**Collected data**

• • •

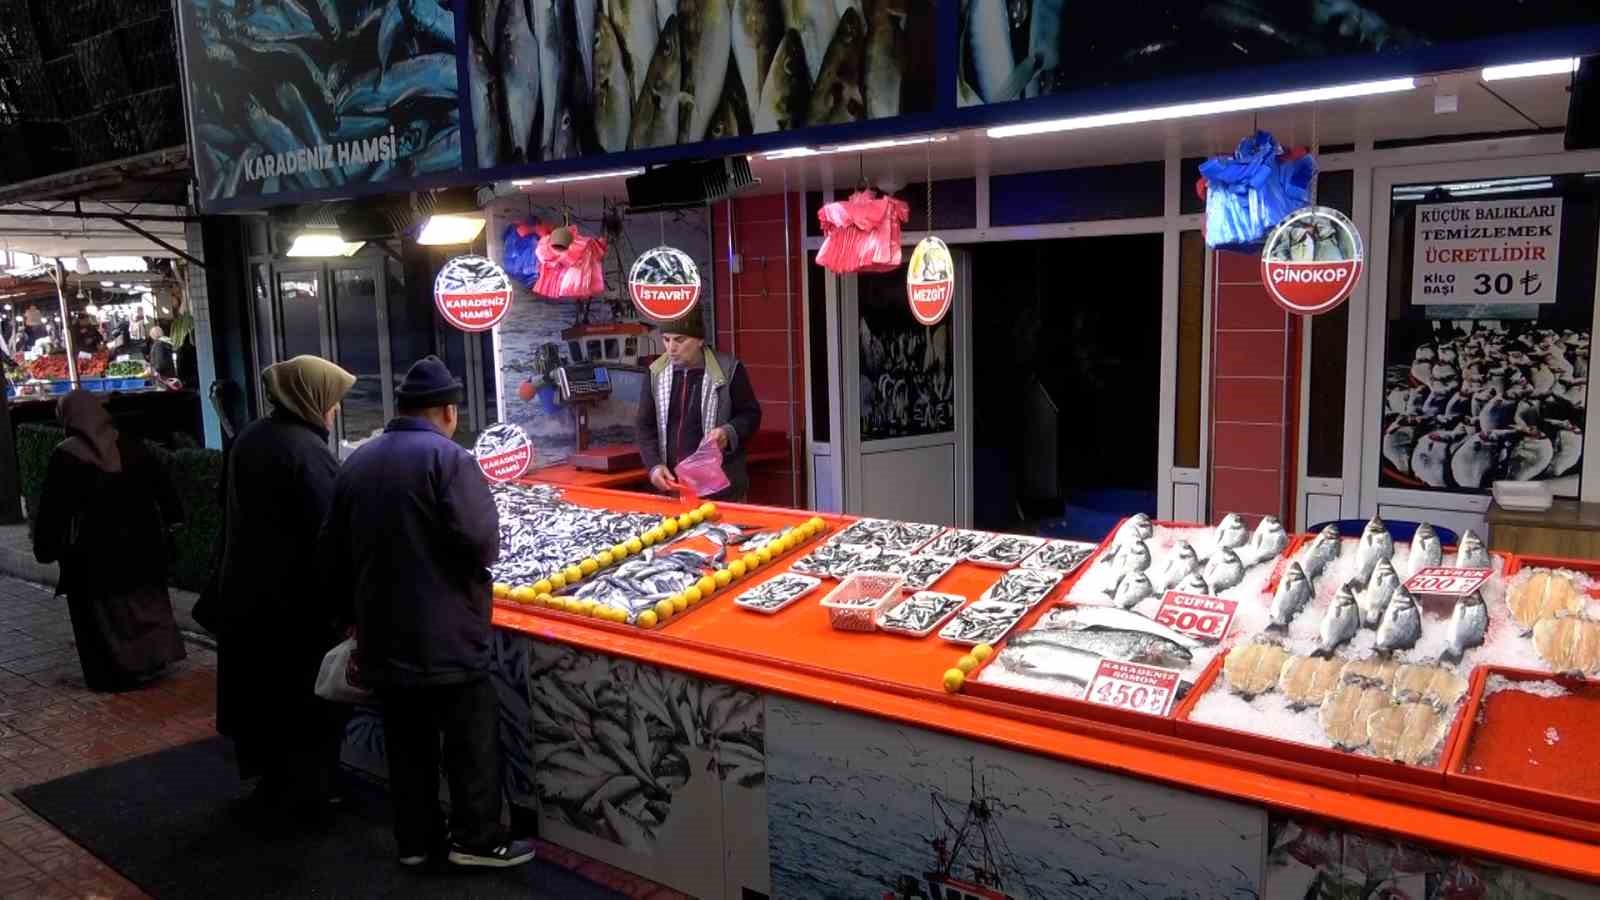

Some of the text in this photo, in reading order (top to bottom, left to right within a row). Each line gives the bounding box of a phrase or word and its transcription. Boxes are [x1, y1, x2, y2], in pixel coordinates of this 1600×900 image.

[337, 125, 397, 166] HAMSİ
[1421, 204, 1556, 225] KÜÇÜK BALIKLARI
[1421, 224, 1553, 241] TEMİZLEMEK
[1425, 241, 1546, 263] ÜCRETLİDİR
[1272, 264, 1347, 284] ÇİNOKOP
[1423, 273, 1456, 283] KİLO
[1473, 272, 1514, 295] 30
[640, 286, 691, 301] İSTAVRİT
[913, 285, 946, 302] MEZGİT
[1423, 284, 1455, 297] BAŞI
[1157, 608, 1219, 634] 500
[1096, 681, 1149, 709] 450

• • •

**Exercise brief**
Retype every entry exactly, but keep the pictures out of your copy.

**Solution below**
Some of the text in this photo, in reading order (top to bottom, left to right within a row). Each line gives the bounding box of a phrase or word and its transcription. Boxes are [x1, y1, x2, y2], in pixel coordinates of this 1600×900 image.

[337, 125, 397, 166] HAMSİ
[1421, 204, 1556, 225] KÜÇÜK BALIKLARI
[1421, 224, 1553, 241] TEMİZLEMEK
[1425, 241, 1546, 263] ÜCRETLİDİR
[1272, 264, 1347, 284] ÇİNOKOP
[1423, 273, 1456, 283] KİLO
[1473, 272, 1514, 295] 30
[640, 286, 691, 301] İSTAVRİT
[913, 285, 946, 302] MEZGİT
[1423, 284, 1455, 297] BAŞI
[1157, 608, 1219, 634] 500
[1096, 681, 1149, 709] 450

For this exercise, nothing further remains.